▶ EXERCISE DESCRIPTION
Whatever pictures appear, omit them, and repeat the data below exactly.

Collected data:
*** Block opens ***

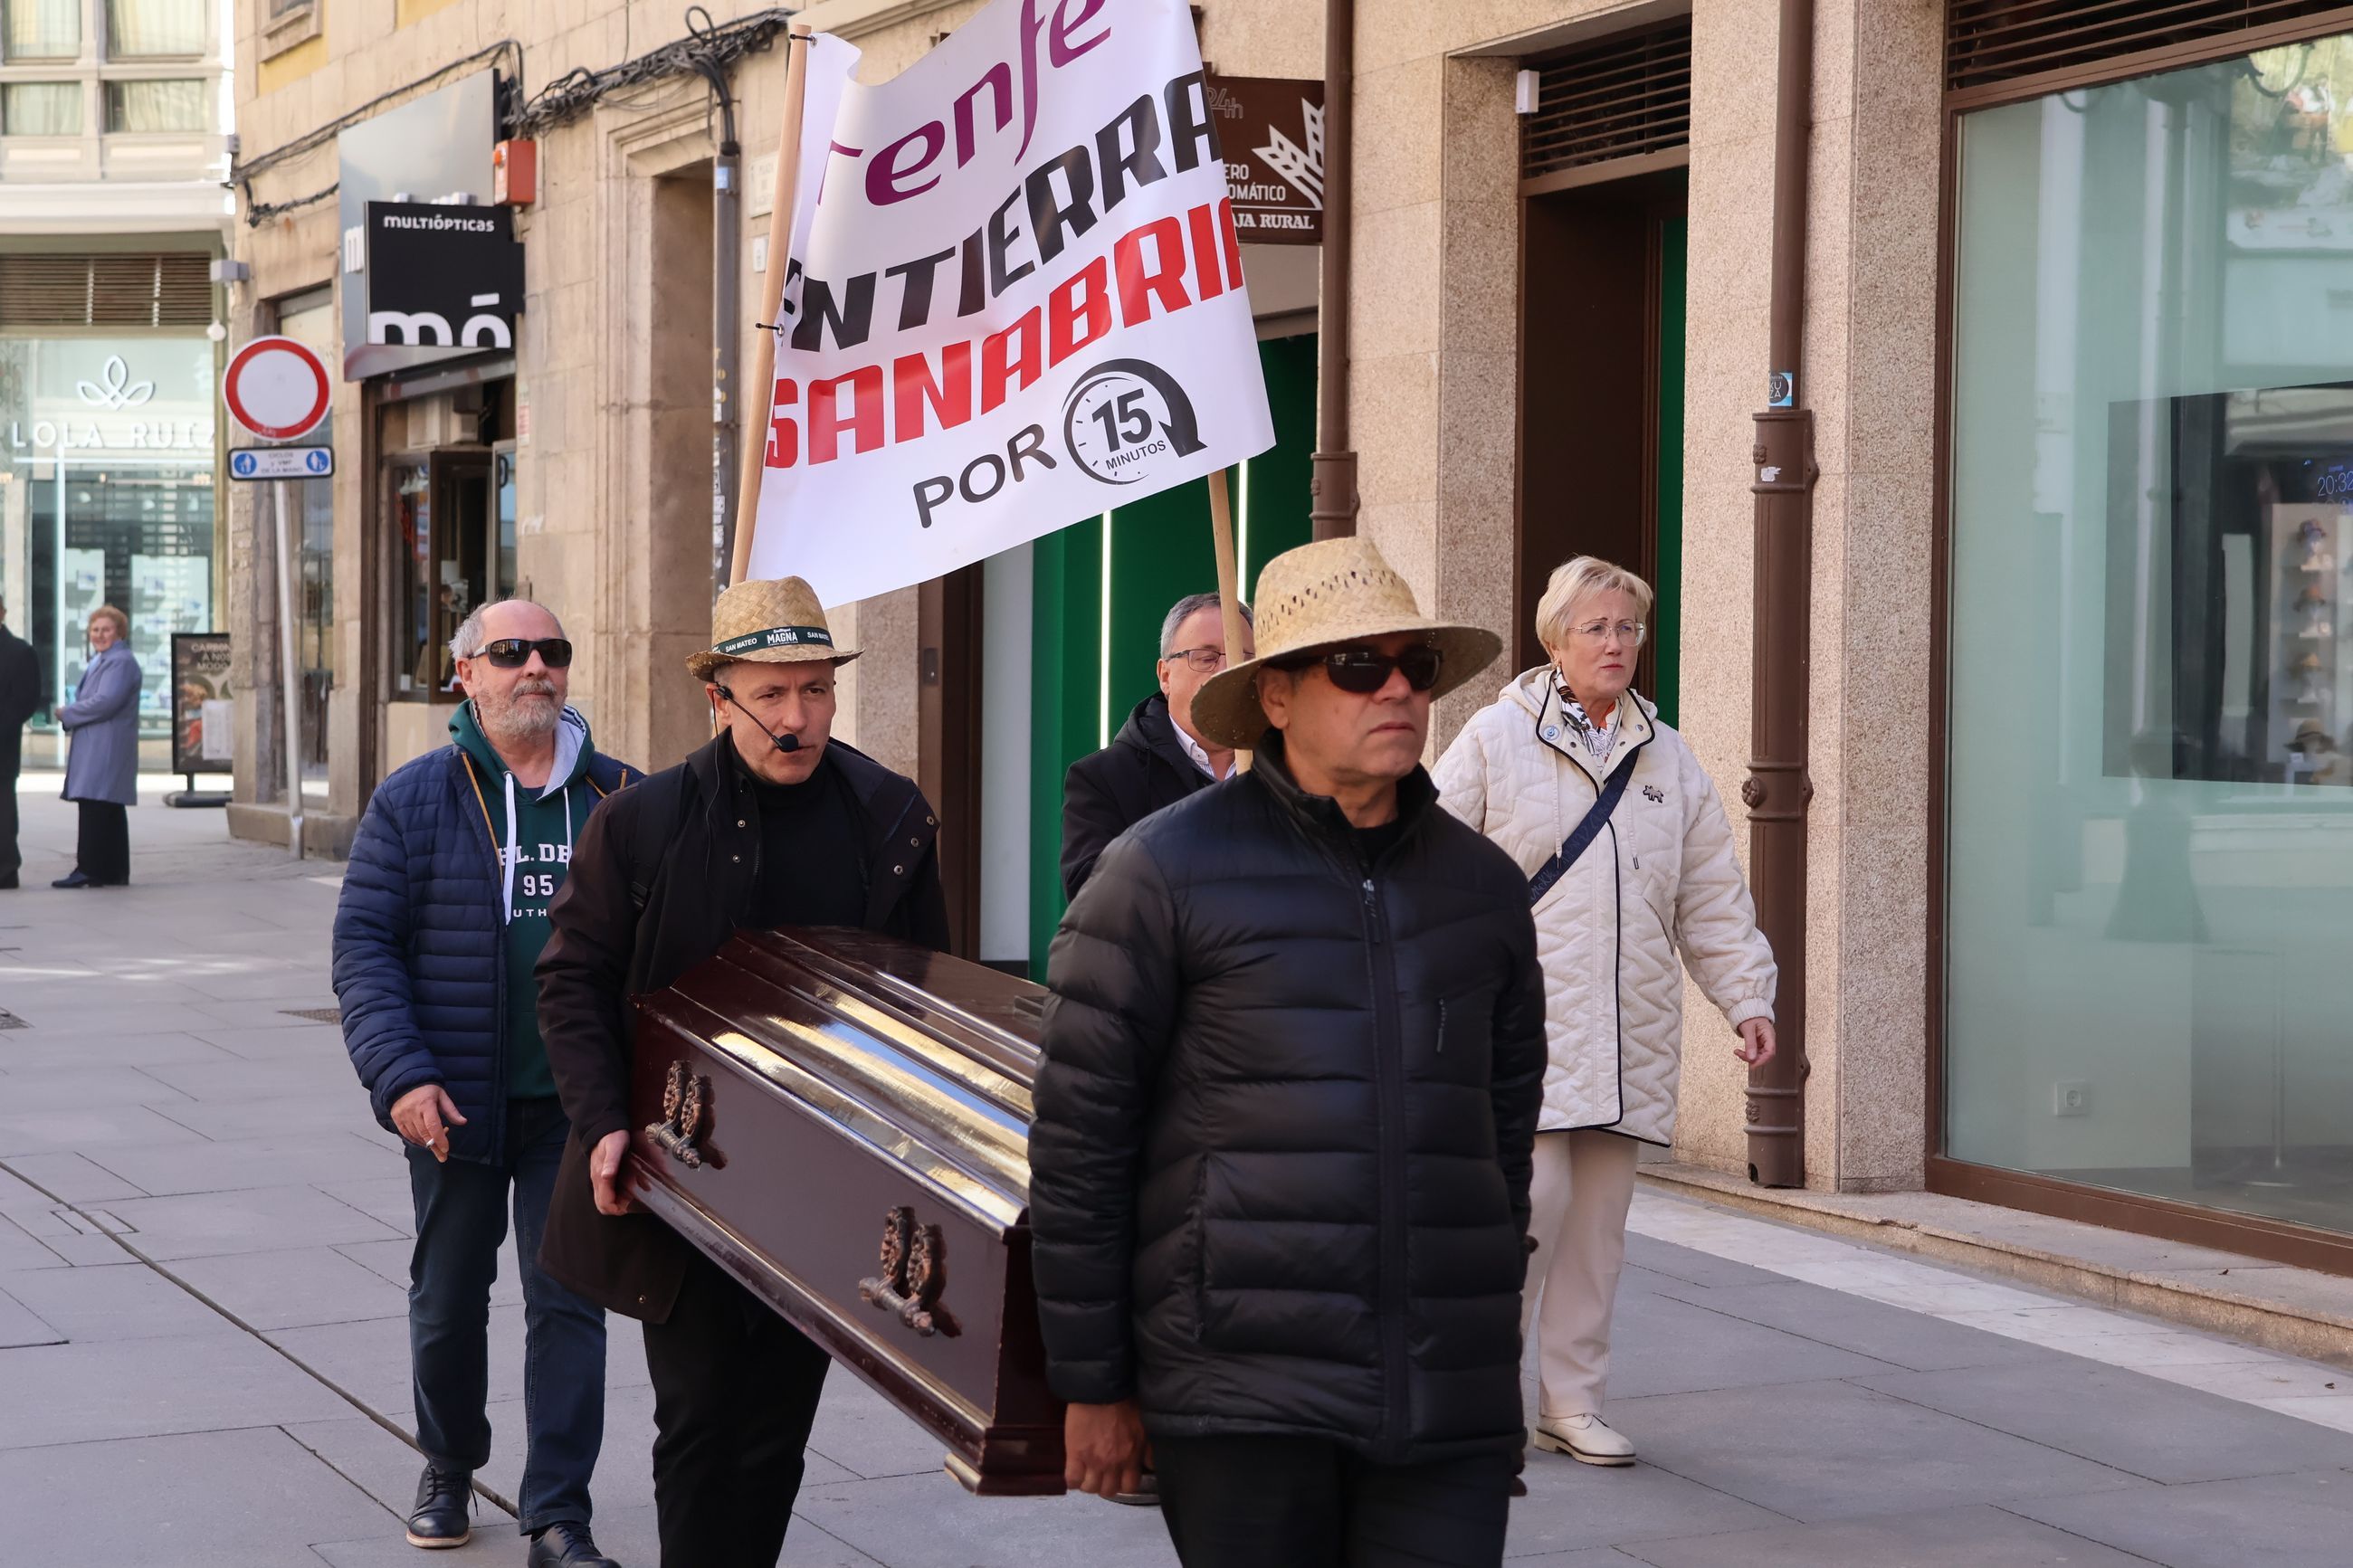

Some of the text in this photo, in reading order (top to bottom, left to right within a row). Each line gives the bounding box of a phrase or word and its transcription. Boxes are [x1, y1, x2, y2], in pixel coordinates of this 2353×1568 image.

[1260, 214, 1314, 229] RURAL
[1091, 388, 1152, 452] 15
[12, 421, 105, 448] LOLA
[1106, 441, 1167, 470] MINUTOS
[913, 423, 1057, 528] POR
[2317, 470, 2353, 498] 20:32
[726, 644, 736, 652] SAN
[736, 637, 757, 649] MATEO
[767, 632, 798, 644] MAGNA
[523, 874, 554, 897] 95
[513, 908, 547, 917] UTH
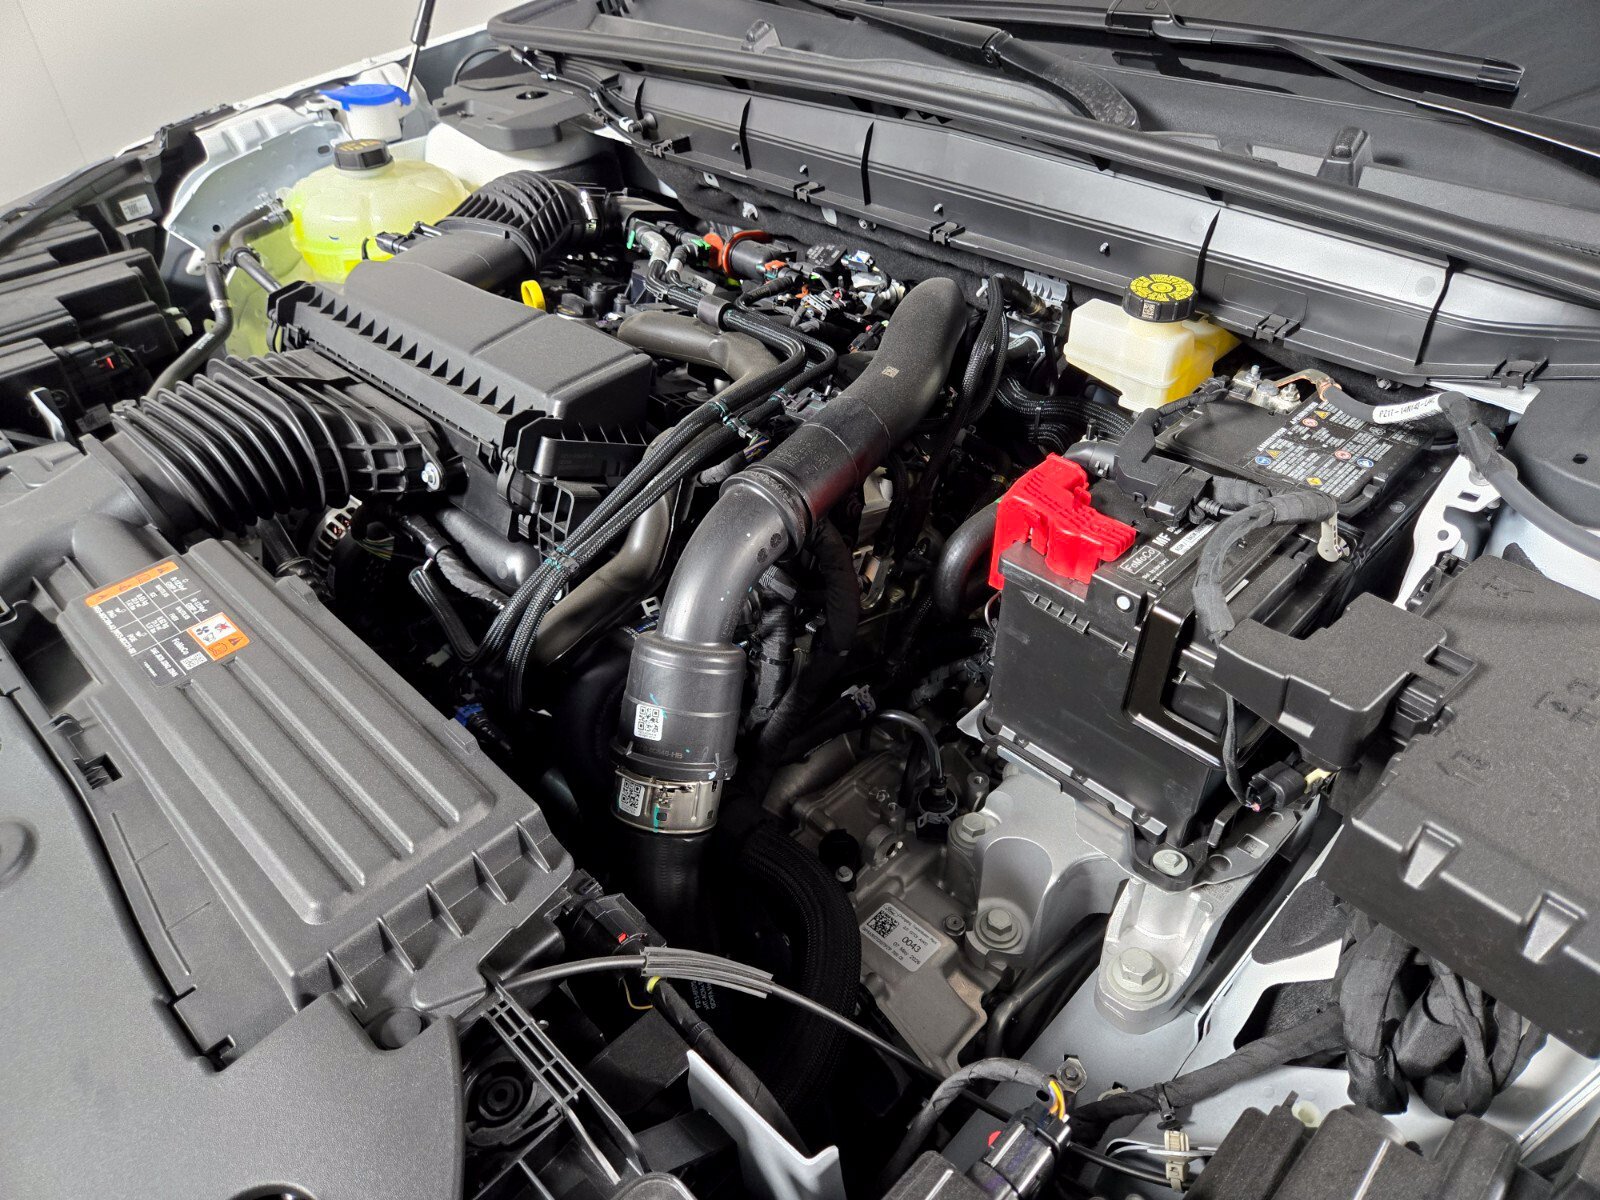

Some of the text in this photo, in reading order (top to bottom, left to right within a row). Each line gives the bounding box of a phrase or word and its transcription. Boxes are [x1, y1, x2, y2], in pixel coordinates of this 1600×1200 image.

[1152, 532, 1171, 547] MF
[1125, 549, 1156, 572] FoMoCo
[902, 936, 921, 953] 0043

*** Block closes ***

▶ RESPONSE AREA
Some of the text in this photo, in reading order (top to bottom, left to right within a row). Each line gives the bounding box of a phrase or word and its transcription. Boxes are [x1, y1, x2, y2], in pixel coordinates of this 2353×1568 image.

[1260, 214, 1314, 229] RURAL
[1091, 388, 1152, 452] 15
[12, 421, 105, 448] LOLA
[1106, 441, 1167, 470] MINUTOS
[913, 423, 1057, 528] POR
[2317, 470, 2353, 498] 20:32
[726, 644, 736, 652] SAN
[736, 637, 757, 649] MATEO
[767, 632, 798, 644] MAGNA
[523, 874, 554, 897] 95
[513, 908, 547, 917] UTH

Some of the text in this photo, in reading order (top to bottom, left to right within a row). Each line gives the bounding box of a phrase or word and its transcription. Boxes are [x1, y1, x2, y2], in pixel coordinates of this 1600×1200 image.

[1152, 532, 1171, 547] MF
[1125, 549, 1156, 572] FoMoCo
[902, 936, 921, 953] 0043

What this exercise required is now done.